### Directions for this task
Pictures must be kept out of the copy. Every entry is to be duplicated exactly.

### Material for this task

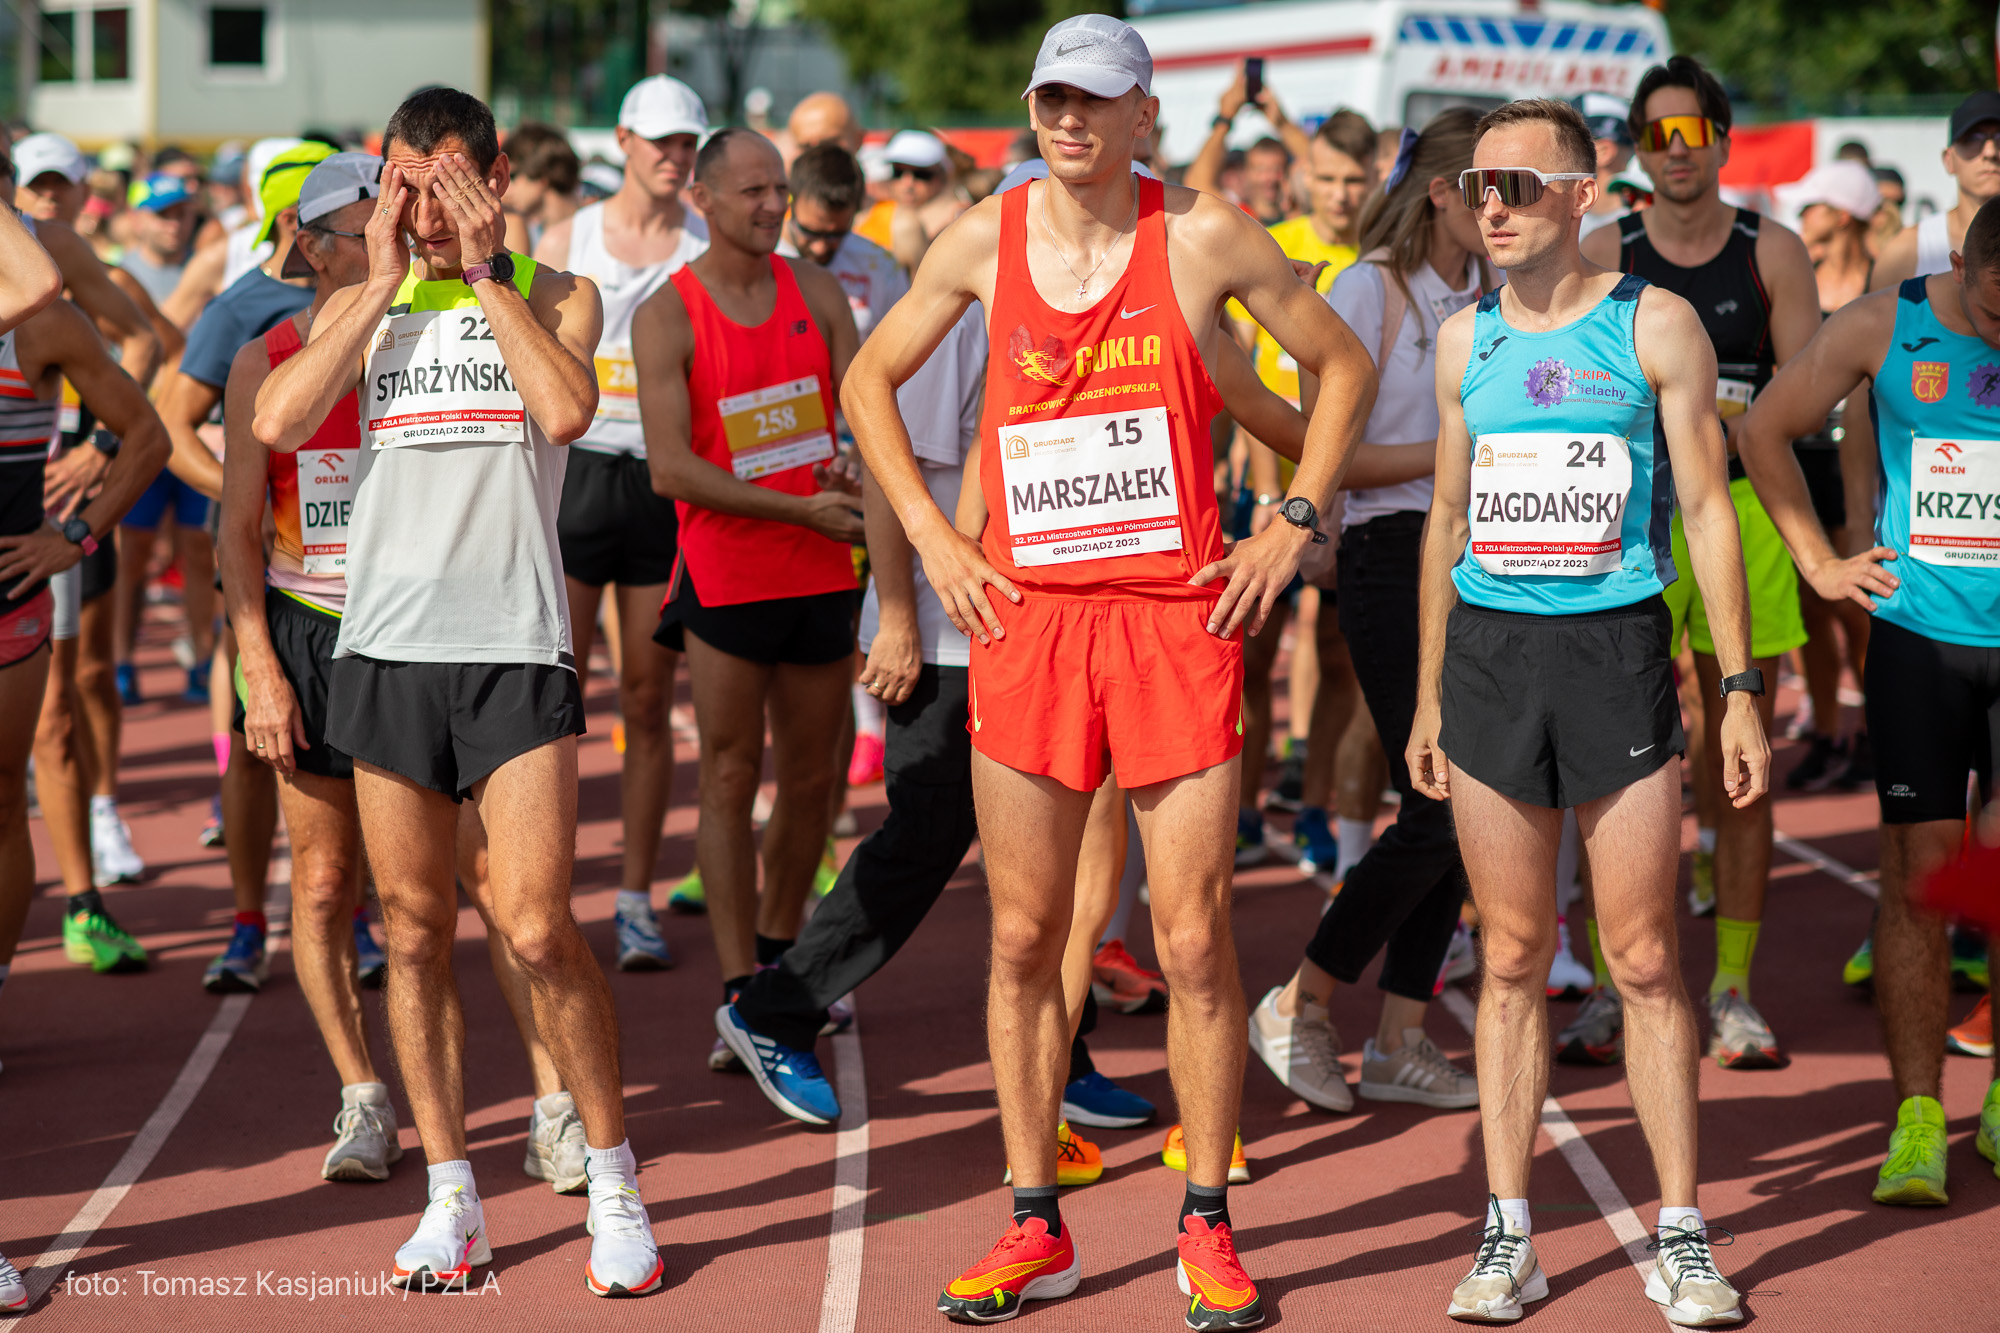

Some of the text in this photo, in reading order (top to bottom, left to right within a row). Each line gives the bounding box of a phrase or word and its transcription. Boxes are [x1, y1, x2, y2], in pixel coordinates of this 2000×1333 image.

[1076, 335, 1161, 378] GUKLA
[1574, 369, 1611, 382] EKIPA
[1572, 384, 1626, 401] Bielachy
[1914, 378, 1941, 399] CK
[372, 421, 382, 429] 32.
[383, 419, 398, 427] PZLA
[399, 414, 440, 425] Mistrzostwa
[441, 412, 462, 420] Polski
[471, 412, 520, 421] Półmaratonie
[754, 404, 798, 438] 258
[403, 426, 485, 438] GRUDZIĄDZ 2023
[1104, 417, 1143, 448] 15
[1033, 437, 1075, 448] GRUDZIĄDZ
[1497, 452, 1538, 460] GRUDZIĄDZ
[1566, 441, 1607, 468] 24
[1930, 466, 1966, 475] ORLEN
[315, 475, 349, 485] ORLEN
[1011, 466, 1171, 515] MARSZAŁEK
[1476, 486, 1622, 523] ZAGDAŃSKI
[305, 500, 351, 528] DZIE
[1015, 536, 1026, 545] 32.
[1027, 534, 1046, 543] PZLA
[1046, 529, 1092, 541] Mistrzostwa
[1093, 525, 1115, 534] Polski
[1124, 518, 1176, 531] Półmaratonie
[1053, 537, 1141, 555] GRUDZIĄDZ 2023
[1475, 544, 1485, 552] 32.
[1500, 544, 1542, 552] Mistrzostwa
[1543, 544, 1565, 552] Polski
[1574, 541, 1620, 553] Półmaratonie
[1502, 559, 1589, 569] GRUDZIĄDZ 2023
[1944, 552, 1999, 562] GRUDZIĄDZ
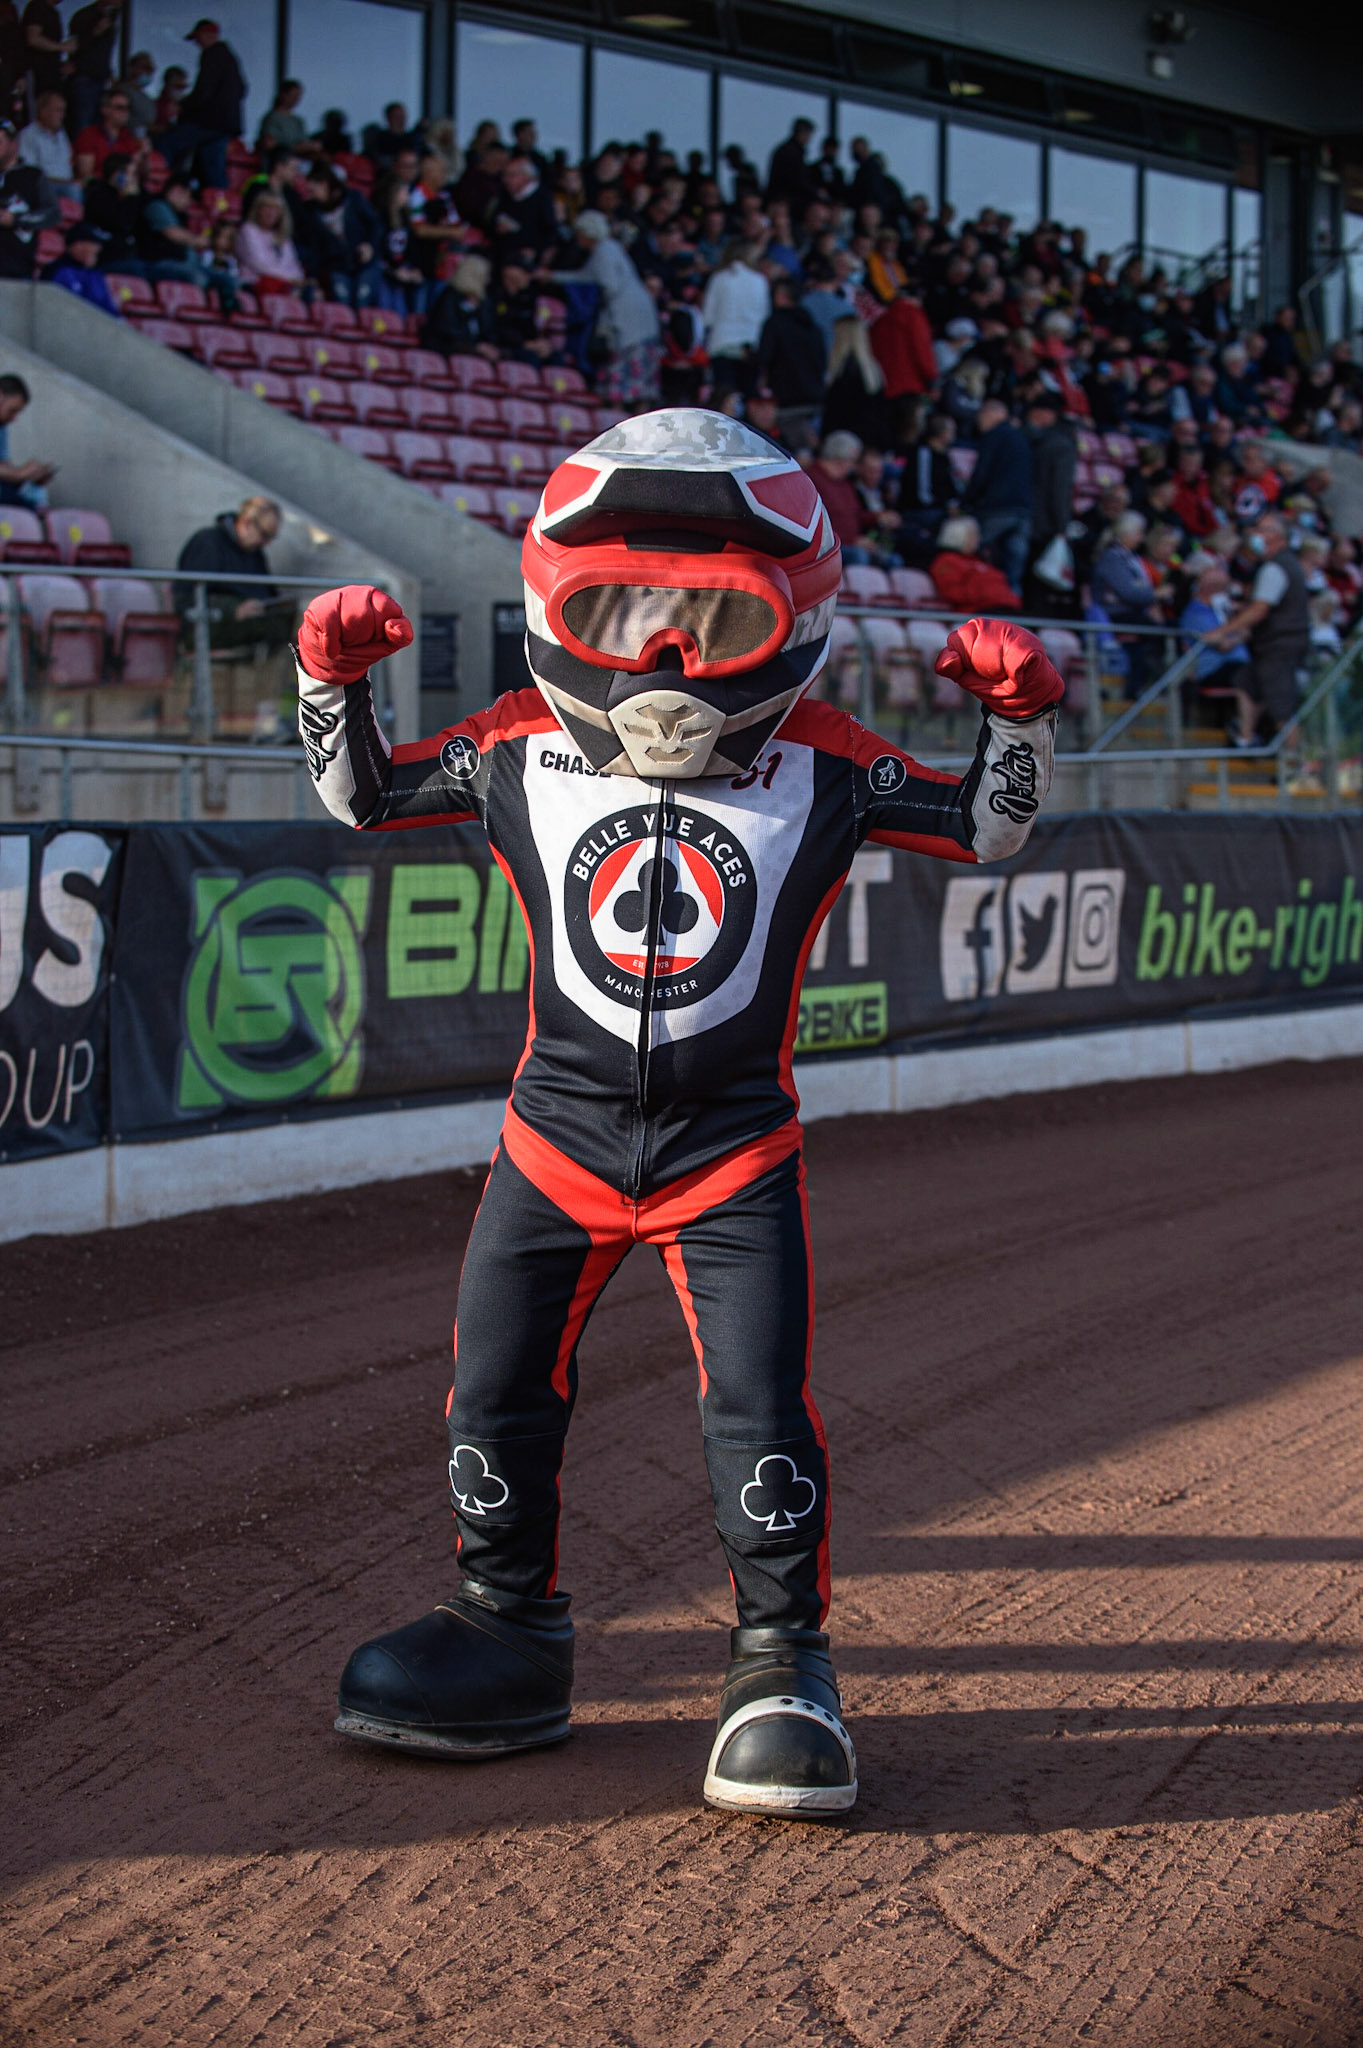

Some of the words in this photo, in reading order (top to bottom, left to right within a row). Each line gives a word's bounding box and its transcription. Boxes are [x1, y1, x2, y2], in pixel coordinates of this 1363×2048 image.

[572, 819, 632, 882] BELLE
[642, 812, 695, 838] VUE
[699, 831, 747, 888] ACES
[604, 974, 699, 998] MANCESTER

### Answer for the task
Some of the text in this photo, in reading order (top to bottom, left to right within a row). Each line gives the bounding box of a phrase or word and its transcription. Boxes are [x1, y1, x2, y2], in pixel coordinates of this 2000×1333 image.

[1076, 335, 1161, 378] GUKLA
[1574, 369, 1611, 382] EKIPA
[1572, 384, 1626, 401] Bielachy
[1914, 378, 1941, 399] CK
[372, 421, 382, 429] 32.
[383, 419, 398, 427] PZLA
[399, 414, 440, 425] Mistrzostwa
[441, 412, 462, 420] Polski
[471, 412, 520, 421] Półmaratonie
[754, 404, 798, 438] 258
[403, 426, 485, 438] GRUDZIĄDZ 2023
[1104, 417, 1143, 448] 15
[1033, 437, 1075, 448] GRUDZIĄDZ
[1497, 452, 1538, 460] GRUDZIĄDZ
[1566, 441, 1607, 468] 24
[1930, 466, 1966, 475] ORLEN
[315, 475, 349, 485] ORLEN
[1011, 466, 1171, 515] MARSZAŁEK
[1476, 486, 1622, 523] ZAGDAŃSKI
[305, 500, 351, 528] DZIE
[1015, 536, 1026, 545] 32.
[1027, 534, 1046, 543] PZLA
[1046, 529, 1092, 541] Mistrzostwa
[1093, 525, 1115, 534] Polski
[1124, 518, 1176, 531] Półmaratonie
[1053, 537, 1141, 555] GRUDZIĄDZ 2023
[1475, 544, 1485, 552] 32.
[1500, 544, 1542, 552] Mistrzostwa
[1543, 544, 1565, 552] Polski
[1574, 541, 1620, 553] Półmaratonie
[1502, 559, 1589, 569] GRUDZIĄDZ 2023
[1944, 552, 1999, 562] GRUDZIĄDZ

Some of the words in this photo, in reading order (top to bottom, left to right within a row). Each line gives a word's bounding box and its transcription. Boxes are [x1, y1, x2, y2], in pixel coordinates of this 1363×2048 image.

[572, 819, 632, 882] BELLE
[642, 812, 695, 838] VUE
[699, 831, 747, 888] ACES
[604, 974, 699, 998] MANCESTER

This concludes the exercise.